La storia di Ahmed è una storia di sofferenza, di tormento e di rifiuto, di una tardiva presa di coscienza e di un riscatto tentato e solo in parte riuscito. 

Una storia sfumata nel mito e a cui ciascuna delle voci narranti del romanzo conferisce la sua quota di autenticità. 

Ahmed è un non-essere, una creatura dannata che viene plasmata, volta per volta, dalle voci di chi la racconta, voci che le danno forma come le mani di abili artisti al lavoro sulla stessa scultura di sabbia. 

La favola della bambina cui viene negata la propria natura ha la poesia e i profumi della notte araba, una notte velata dai vapori delle acque dell'hamman, attraverso i quali, come in un sogno, scorgiamo scampoli di vita arida, fatta di privazioni e di inganni, ma anche di scoperte e di rivelazioni, una vita che freme di desiderio, si contorce nel suo anelito di libertà, manda in frantumi gli specchi che le rimandano continuamente l'immagine di ciò che non è e sfugge al bozzolo che la teneva prigioniera per riappropriarsi di ciò che le è stato usurpato, col bramoso vigore dell'assetato smarrito nel deserto cui viene offerta un otre d'acqua di sorgente... e quanto poco importa in quel momento capire se quell'acqua è avvelenata o drogata o se chi la sta offrendo chiederà un prezzo in cambio e se si sarà poi in grado di pagarlo quel prezzo... poco o nulla importa... nulla... 

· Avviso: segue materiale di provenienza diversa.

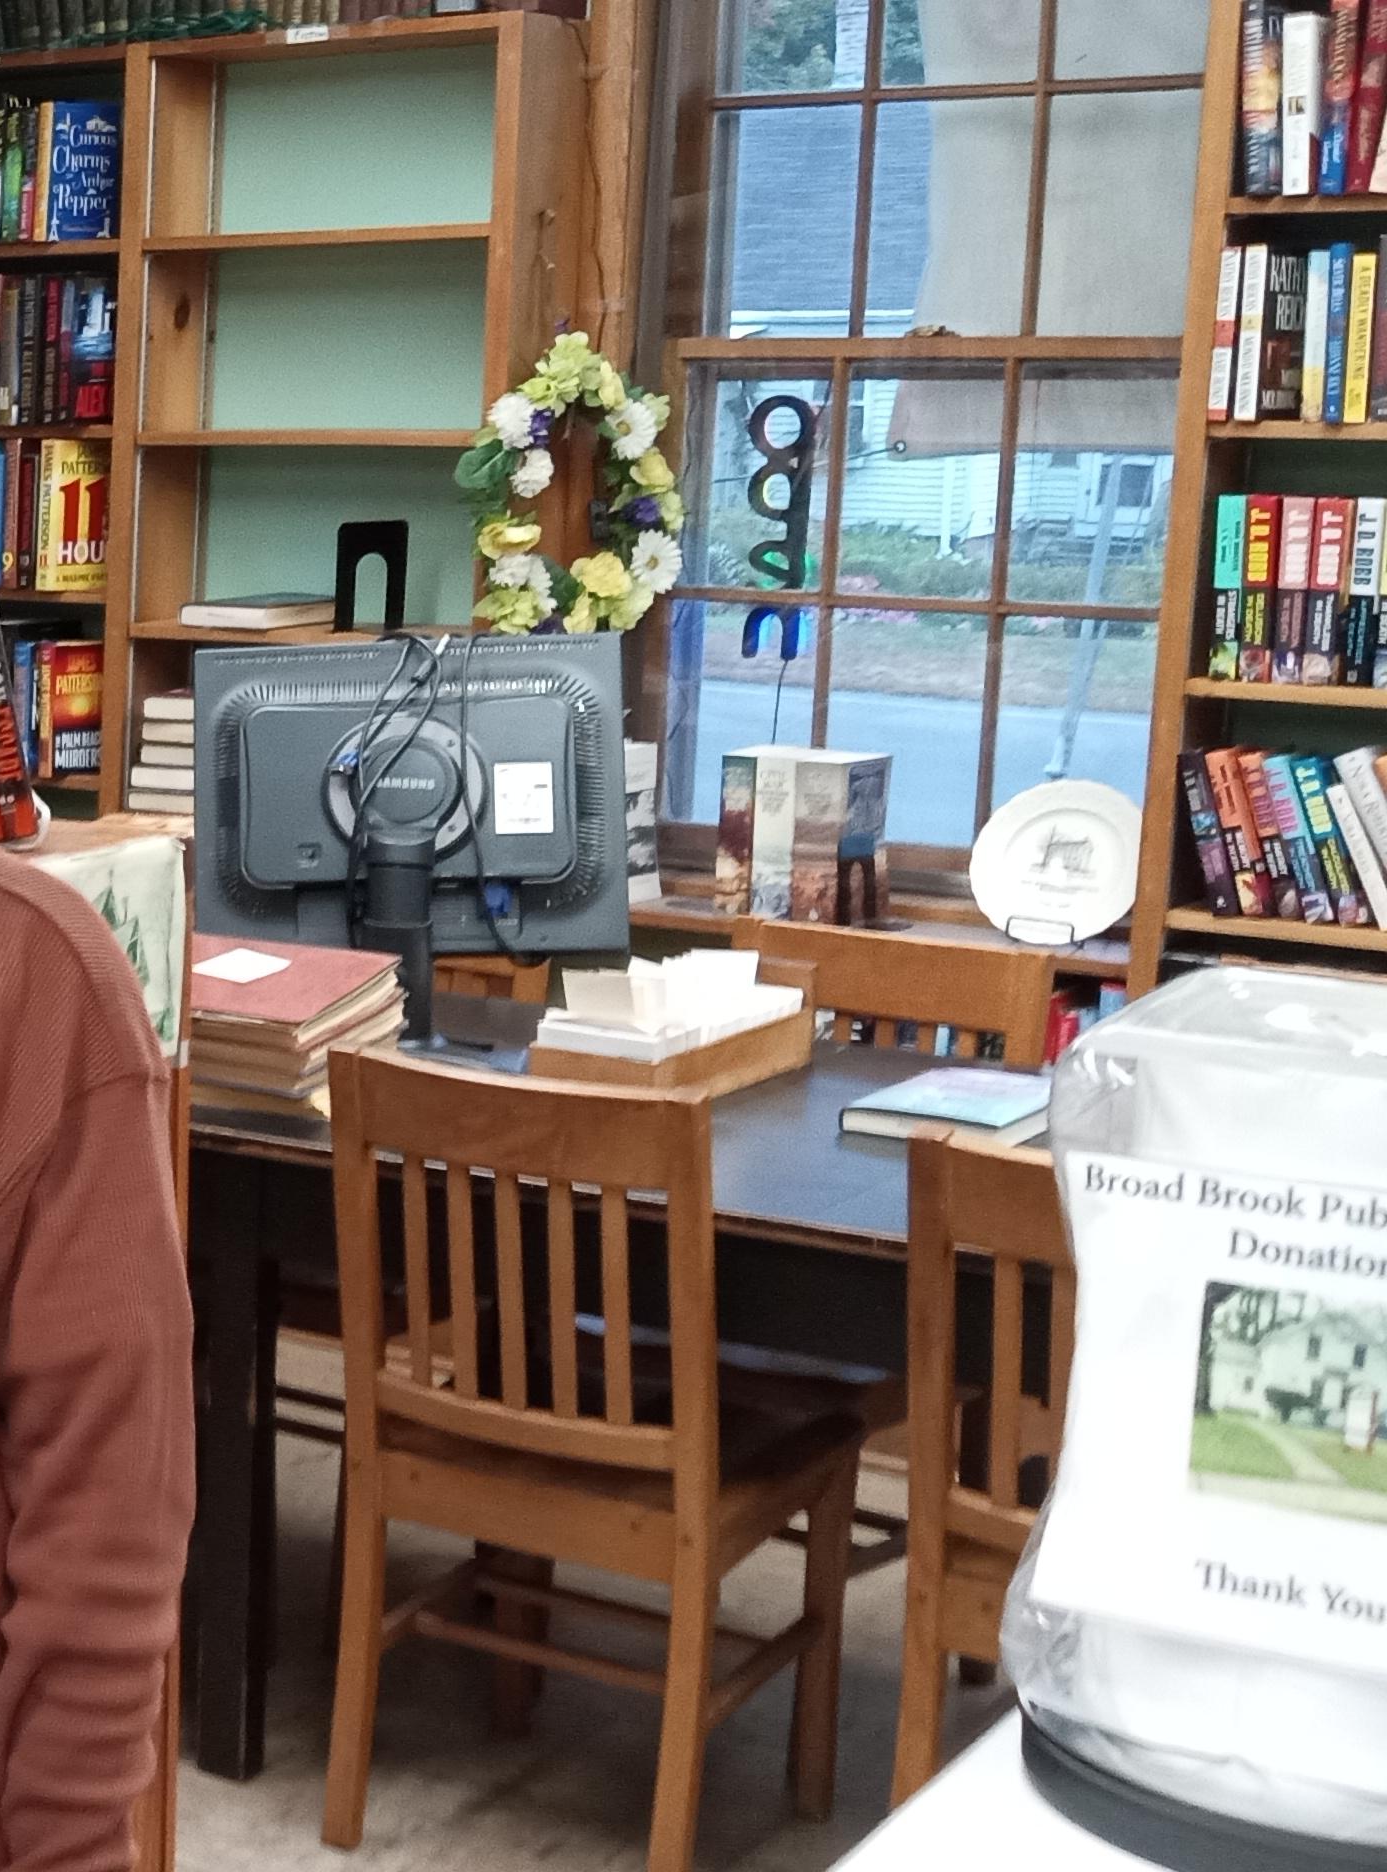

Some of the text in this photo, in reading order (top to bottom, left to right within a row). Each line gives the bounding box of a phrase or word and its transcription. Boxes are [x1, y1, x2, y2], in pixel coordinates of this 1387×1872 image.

[70, 124, 116, 147] Curious
[53, 145, 110, 173] Charms
[52, 184, 107, 216] Pepper
[1353, 276, 1369, 379] DEADLY WANDERING
[41, 444, 52, 554] JAMES PATTERSON
[1250, 508, 1271, 523] J.
[1322, 511, 1343, 526] J.
[2, 552, 13, 570] 9
[1247, 542, 1269, 582] ROBB
[1316, 544, 1340, 585] ROBB
[1354, 513, 1377, 586] J. D. ROBB
[1085, 1162, 1387, 1229] Broad Brook Pub
[1194, 1559, 1386, 1624] Thank You
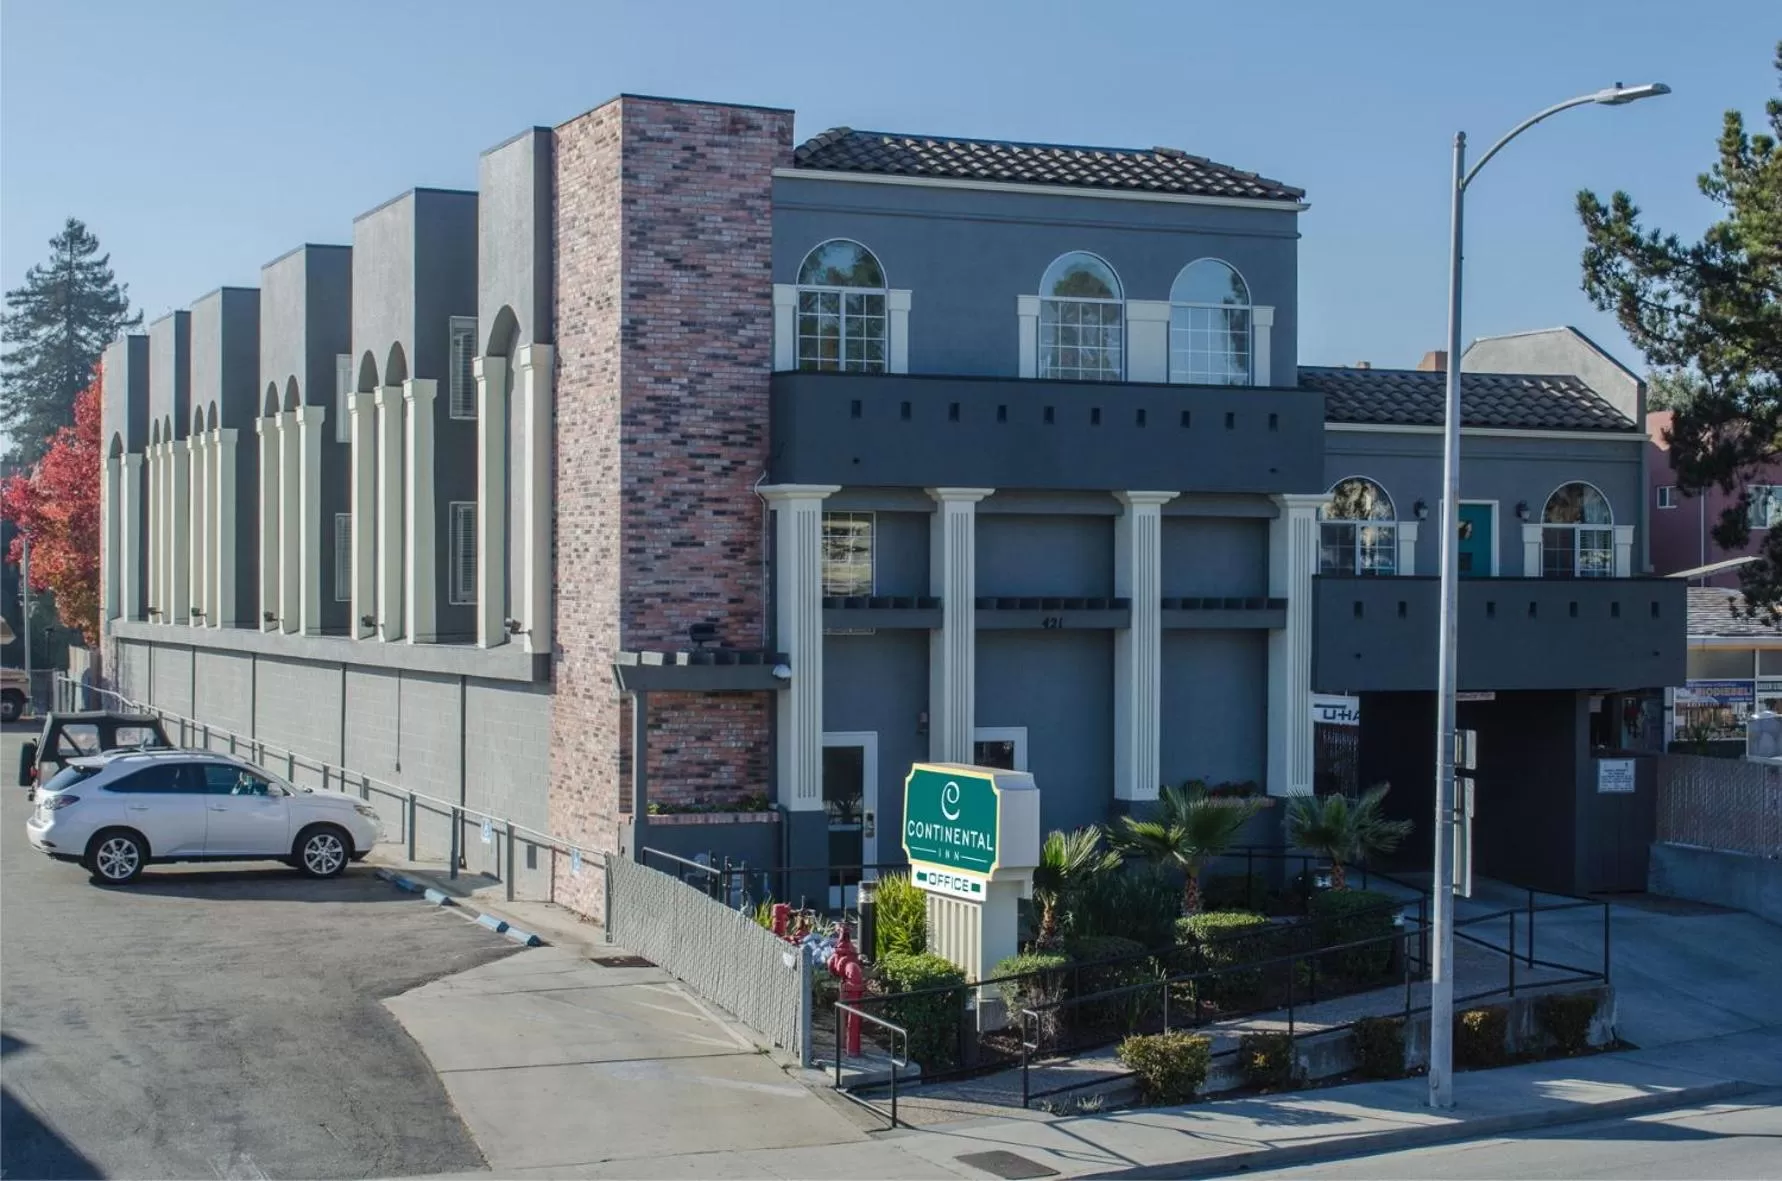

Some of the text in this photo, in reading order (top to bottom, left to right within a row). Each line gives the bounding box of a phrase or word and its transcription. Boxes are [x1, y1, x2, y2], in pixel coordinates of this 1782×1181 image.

[1041, 616, 1063, 629] 421
[907, 820, 994, 851] CONTINENTAL
[938, 847, 960, 861] INN
[928, 872, 969, 892] OFFICE

Il grido di dolore strozzato di un'anima deviata dal proprio percorso, la cui supplica, priva di lacrime, giunge all'orecchio e al cuore del lettore attraverso la drammatica bellezza delle parole scelte e magistralmente tessute insieme dall'autore di questo libro, un libro lirico, alchemico, che lascia dietro di sé una scia di compassione e di rabbia. 

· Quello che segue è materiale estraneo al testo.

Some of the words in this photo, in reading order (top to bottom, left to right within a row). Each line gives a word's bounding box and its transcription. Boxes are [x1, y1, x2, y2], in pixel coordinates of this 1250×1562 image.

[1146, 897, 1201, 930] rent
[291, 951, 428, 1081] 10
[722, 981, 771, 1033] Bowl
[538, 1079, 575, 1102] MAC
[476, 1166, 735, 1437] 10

Tahar Ben Jelloun offre al lettore un'esperienza mistica e, allo stesso tempo, sensoriale, un viaggio alla ricerca di una verità da troppe voci rielaborata, che ha i contorni indefiniti e magici di un miraggio... 

Molto, molto bello.


"Me ne vado in punta di piedi. Non voglio essere troppo pesante nel caso in cui gli angeli venissero per portarmi fino al cielo. Ho svuotato il mio corpo e incendiato la mia memoria. Sono nato in mezzo a un fasto e a una gioia costruiti artificialmente. Me ne vado in silenzio. Sono stato l'ultimo e il più solitario degli umani, escluso dall'amore e dell'amicizia e in ciò ben inferiore al più imperfetto degli animali. Sono stato un errore e non ho conosciuto nella mia vita altro che maschere e inganni..."







Tahar Ben Jelloun (1º dicembre 1944) è uno scrittore, poeta e saggista marocchino, principalmente noto per i suoi scritti sull'immigrazione e il razzismo.

Tahar Ben Jelloun nasce a Fès, nell'allora Marocco francese, il 1º dicembre del 1944 in un'agiata e antica famiglia della città. Ben Jelloun trascorre la sua adolescenza a Tangeri e compie gli studi di filosofia presso l'Università di Rabat, dove comincia a scrivere le sue prime poesie in francese, raccolte poi sotto il titolo di Hommes sous linceul de silence (1971). In patria, ha svolto per diversi anni il ruolo di docente di filosofia ma, a causa dell'arabizzazione dell'insegnamento (e non essendo egli abilitato alla pedagogia in lingua araba), si è trovato costretto nel 1971 a emigrare in Francia, a Parigi, dove tre anni dopo ha conseguito un dottorato in psichiatria sociale, sulla confusione mentale degli immigrati ospedalizzati, la cui tesi verrà in seguito pubblicata col titolo L'estrema solitudine. La sua esperienza di psicoterapeuta sarà poi riversata nel romanzo La Réclusion solitaire ("La reclusione solitaria", 1976). Nel frattempo continua a scrivere, sempre esclusivamente in francese, collaborando regolarmente col quotidiano Le Monde. Oggi vive a Parigi ed è padre di quattro figli.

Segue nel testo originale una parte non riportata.